We now require a critical appraisal of the value of Technologies that reflects the sort of critiques we regularly see of literature and art. The recognition of the cultural values of technology, alongside an understanding of the history of our technology, ought to inhabit a central position in building young people’s learning about us as a nation. To illustrate briefly:

  1. In 1507 Fr John Damian had a laboratory at Stirling Castle working on the principles of flights, at the same time as Leonardo was working in Florence.
  2. Some two hundred years later Napier was at work developing logarithms
  3. Another hundred or so years later  we designed and built the Forth Bridge.
  4. 1979 The Ninian Platform- the largest moveable structure on earth – was built here.

In five hundred years a wonderful story of the small to the gigantic and, now, back to the small, with Scotland’s place in soft technologies developments continuing the story.

As Chair of the Technologies Excellence Group, I’ve been impressed by the energy the group has brought to making Technologies matter as much as possible. We started with a reminder of the core principles of Curriculum for Excellence, and agreed that these should have continual restatement.  Achieving a confident, successful, aspirational citizen requires a balance between academic and social skills, between scientific, mathematical and craft skills.

Understanding the value of interdisciplinary learning ought to be central to developing a holistic awareness of the inter-relationship between science, technology and mathematics; with numeracy, like, literacy as a base concept.  This interdependence merely reflects realities in industry, business, and higher education. Bio-engineering or bio-mathematics are established concepts. These linkages operate not only at an academic level but also at an artisan level – craft skills, such as in home economics founded on learning in numeracy, biology and health.

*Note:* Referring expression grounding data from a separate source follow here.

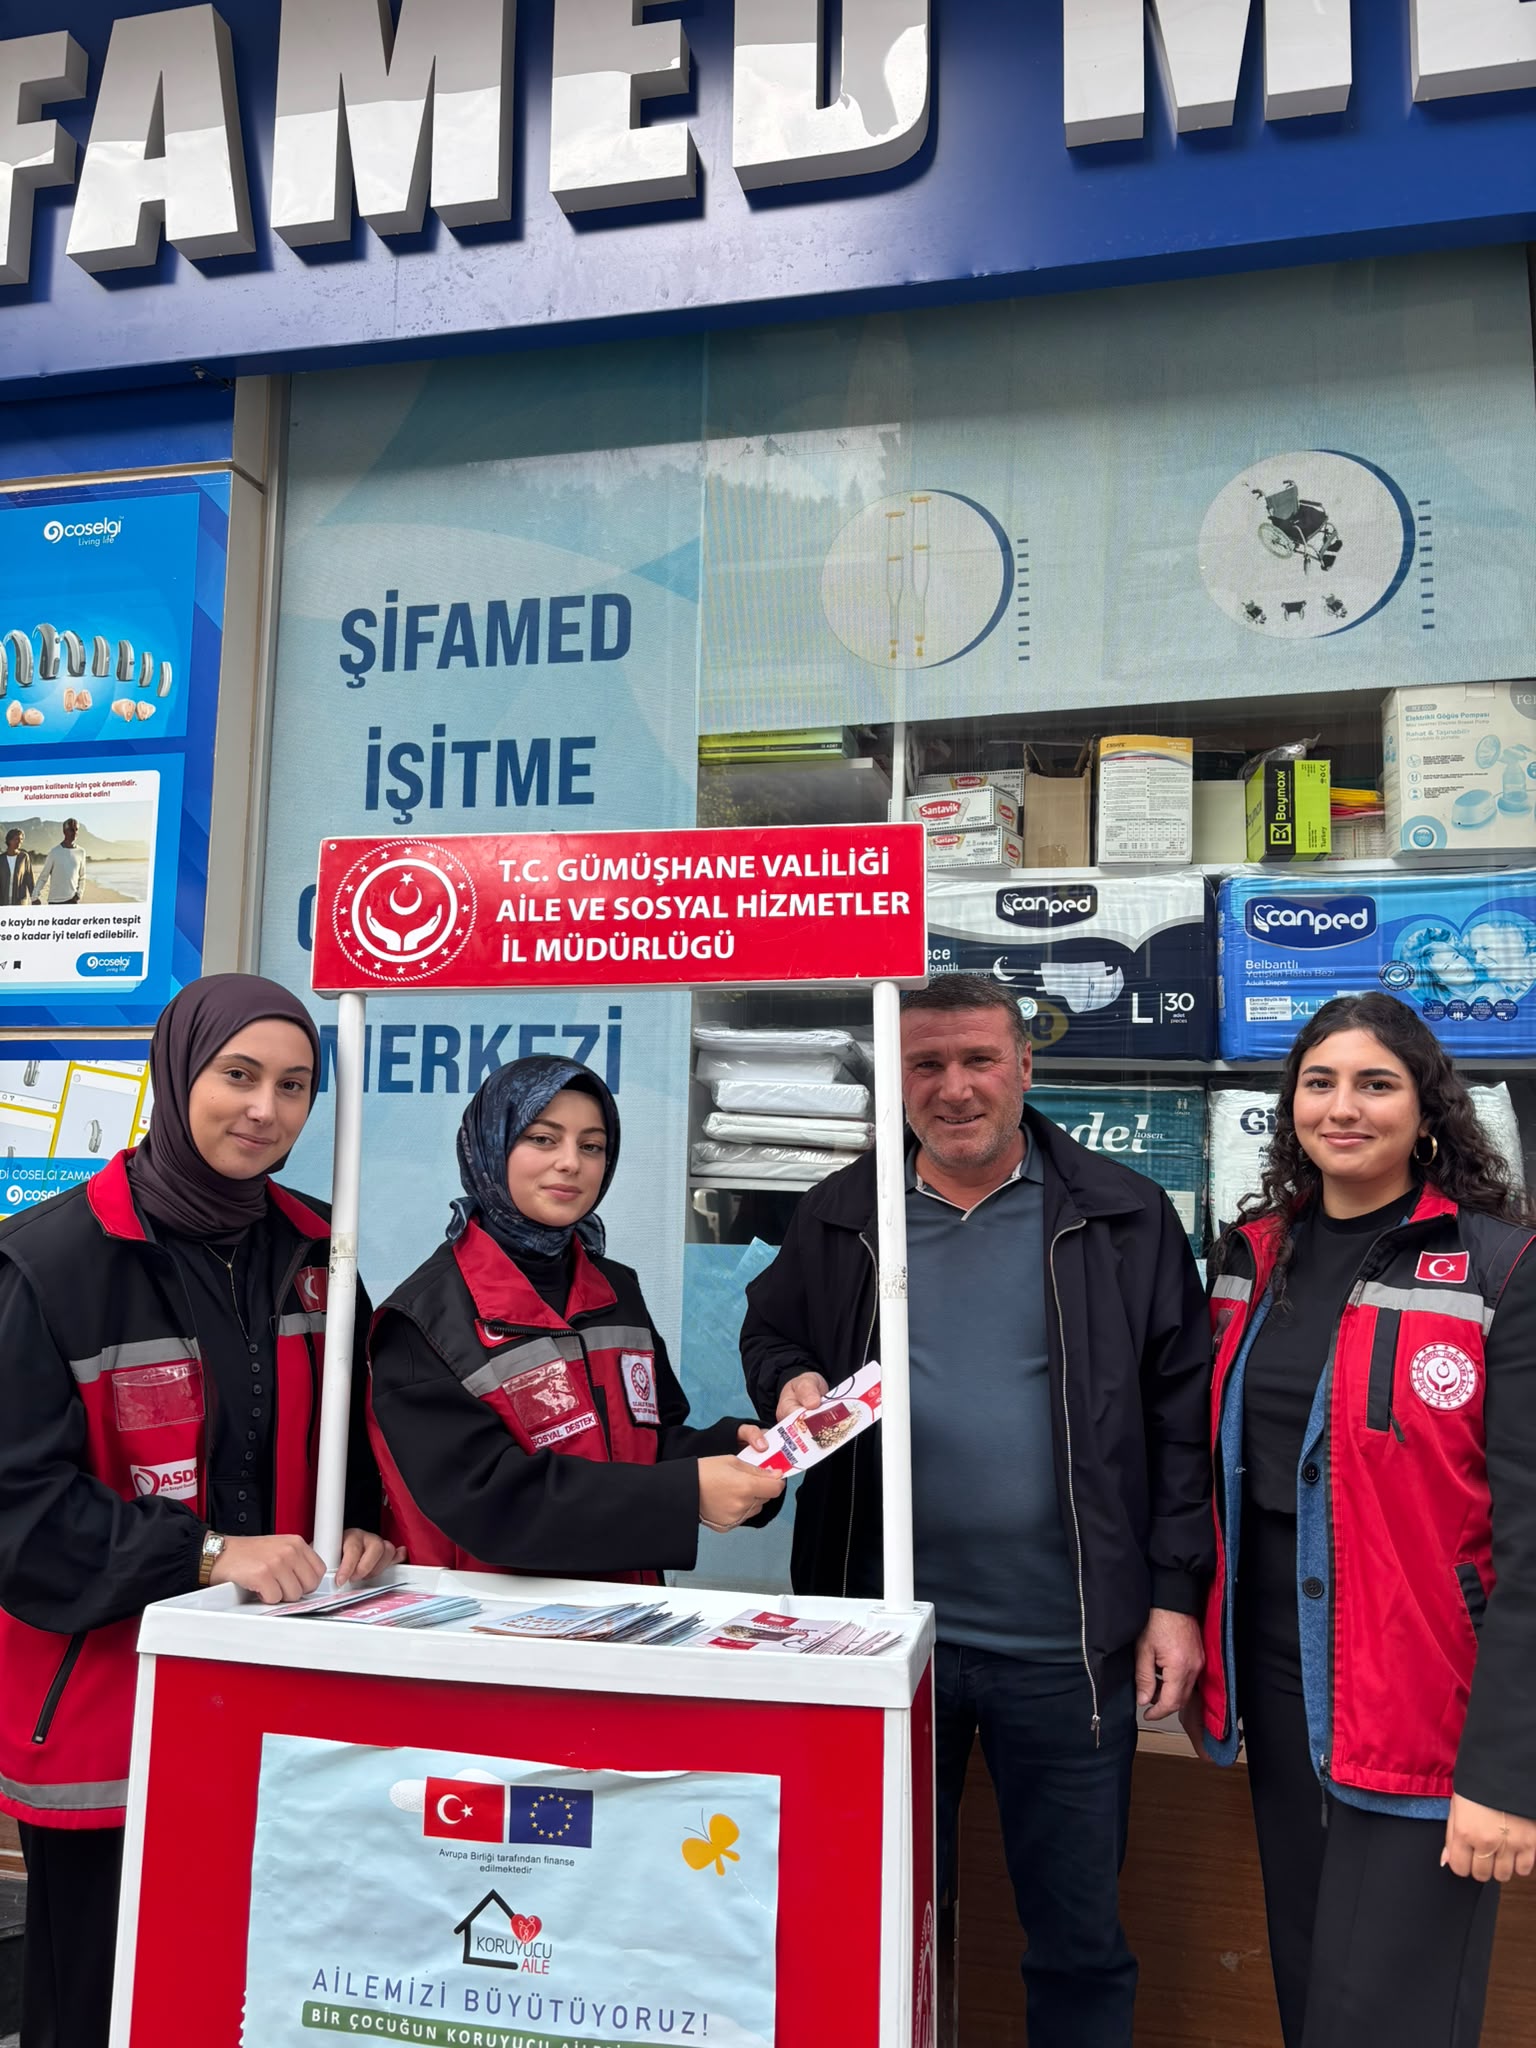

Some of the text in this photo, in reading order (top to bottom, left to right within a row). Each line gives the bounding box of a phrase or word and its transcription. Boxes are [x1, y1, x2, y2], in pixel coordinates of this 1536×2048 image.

[1063, 0, 1536, 147] M
[66, 517, 122, 541] coselgi
[79, 535, 115, 547] Living life
[339, 590, 633, 690] ŞİFAMED
[365, 723, 597, 826] İŞİTME
[0, 784, 20, 794] şitme
[921, 802, 959, 817] Santavik
[498, 846, 891, 887] T.C. GÜMÜŞHANE VALİLİĞİ
[495, 887, 911, 922] AİLE VE SOSYAL HİZMETLER
[1012, 894, 1092, 918] canped
[8, 917, 36, 929] kaybı
[52, 917, 81, 926] kadar
[82, 917, 111, 925] erken
[112, 914, 141, 926] tespit
[1266, 907, 1368, 935] canped
[22, 931, 51, 940] kadar
[52, 930, 65, 942] iyi
[66, 930, 92, 940] telafi
[93, 928, 139, 940] edilebilir.
[502, 929, 735, 963] İL MÜDÜRLÜGÜ
[1245, 960, 1299, 970] Belbantlı
[1132, 992, 1195, 1024] L 30
[1292, 1001, 1315, 1016] XL
[24, 1186, 60, 1202] cosel
[564, 1415, 596, 1436] DESTEK
[439, 1848, 575, 1866] Avrupa Birliği tarafından finanse
[479, 1865, 533, 1875] edilmektedir
[476, 1936, 553, 1959] KORUYUCU
[521, 1956, 551, 1975] AİLE
[312, 1967, 710, 2037] AİLEMİZİ BÜYÜTÜYORUZ!
[311, 2006, 341, 2026] BİR
[349, 2013, 438, 2040] ÇOCUĞUN
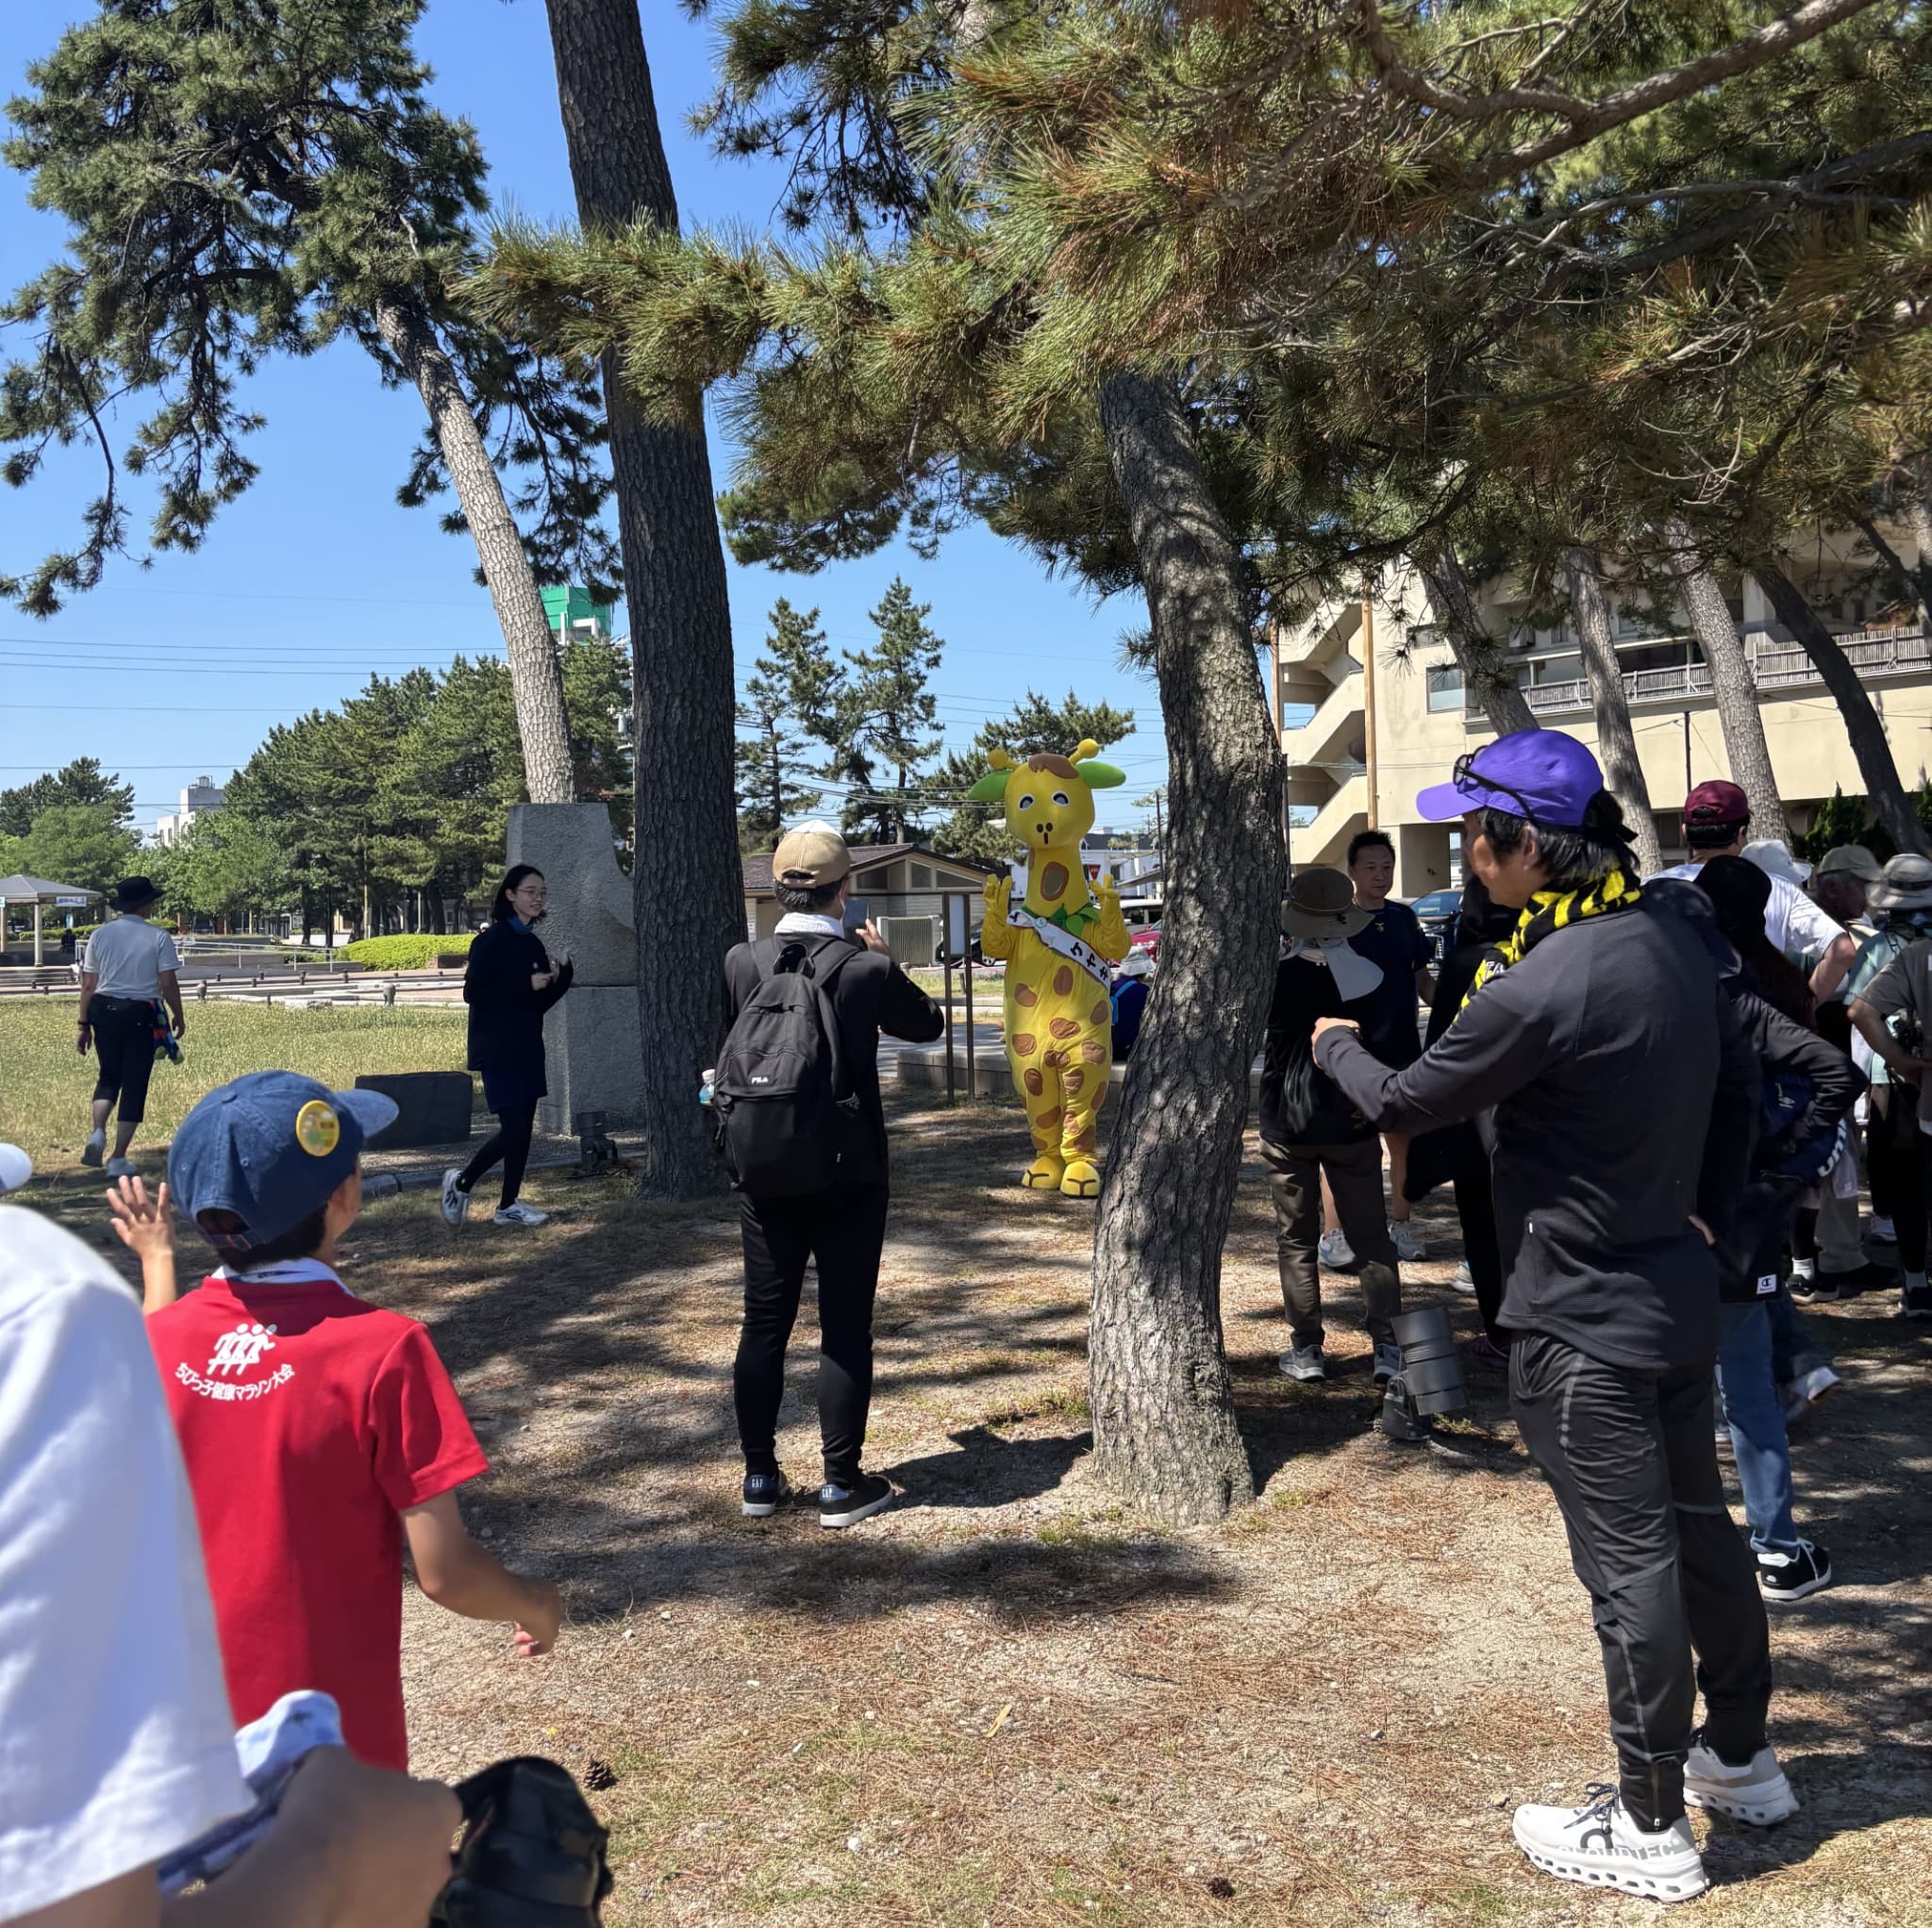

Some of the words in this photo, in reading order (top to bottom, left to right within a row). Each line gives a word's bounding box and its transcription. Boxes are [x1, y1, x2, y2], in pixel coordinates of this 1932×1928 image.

[175, 1362, 295, 1402] ちびっ子健康マラソン大会

As an architects the idea of focusing on the Creativity and Innovation and its corollary – Design, as our goals, appeals. We can build learning outcomes and processes where the difficult and incomplete can co-exist with the structured – this is where imagination is everything.

Getting creativity right into the core of learning needs a few things to come together – Ruth Wishart, who chairs the expressive arts excellence group, suggested the need for a virtuous triangle- staff/practitioners/parents, which seemed to me to encapsulate all the main possibilities.

Our teachers have to be confident. Confident, well-trained teachers will lead to confident, well-trained students, who will in their turn, lead to a more technologically successful and responsible population, able to contribute to building their society and beyond.

Further the aspect which links parents, teachers, pupils and curriculum is assessment and a related value system.  If we are to give pupils space to fail – an essential part of creativity and innovation then some form of continuous assessment  – which gives support, demands accountability but without recourse to a blame culture – requires to be implemented in schools.

This in turn requires us all to in to invest or restore faith in our teachers to be central to that assessment process. Similar forms of assessment have been the basis of design courses at tertiary level for years.

My aspiration for the Technologies Excellence Group’s work over the coming weeks is that we should build the cases for balanced and practical skills development alluded to above and restate them in a convincing way that will be of value to staff, not only in the technologies, but right across learning.